USG e-clips for March 19, 2020

University System News:

The Red & Black

UGA admits 13,131 students to class of 2024

Hadley Rawlins | Contributor

The University of Georgia admitted 46% of this year’s total applicants to the class of 2024, according to a news release from UGA’s Undergraduate Admissions. Here is a breakdown of what those applicants are bringing to UGA. The university admitted 13,131 out of 28,524 applicants between November 2019 and February and March of this year, admitting 81 more students than last year. However, there were 790 less applicants in 2020 than in 2019. The class of 2024 represents 526 Georgia high schools, 155 Georgia counties, 36 countries, 2,688 total high schools and all 50 states, according to the news release.

Macon Telegraph

UGA athletics staff member tests positive for coronavirus, university says

By Brandon Sudge

A member of the University of Georgia Athletic Association has tested positive for COVID-19, the university released in an email to faculty and students. The Georgia Department of Health reported five cases of the virus in Athens-Clarke County as of Wednesday, an increase from three cases since a day earlier.
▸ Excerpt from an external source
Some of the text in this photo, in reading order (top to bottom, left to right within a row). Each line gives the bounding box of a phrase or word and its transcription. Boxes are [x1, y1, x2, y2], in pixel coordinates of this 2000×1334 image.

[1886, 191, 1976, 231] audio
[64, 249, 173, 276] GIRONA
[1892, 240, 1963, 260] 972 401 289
There are now 197 cases in the state, an increase of over 50 from Tuesday. “Out of an abundance of caution, the University of Georgia is making the campus community aware of the following situation related to COVID-19,” the email read before listing the following specifics.

▪ A staff member who works in athletics was confirmed this morning to have tested positive for COVID-19. The individual was last on campus on March 6, 2020. He is being treated in a local hospital.

The Augusta Chronicle

Augusta University Health up to nine positive COVID-19 cases, deaths multiply in Georgia

By Tom Corwin

AU Health System now has nine new positive cases of COVID-19, the health system said this morning. Georgia also saw a tremendous jump in cases and deaths.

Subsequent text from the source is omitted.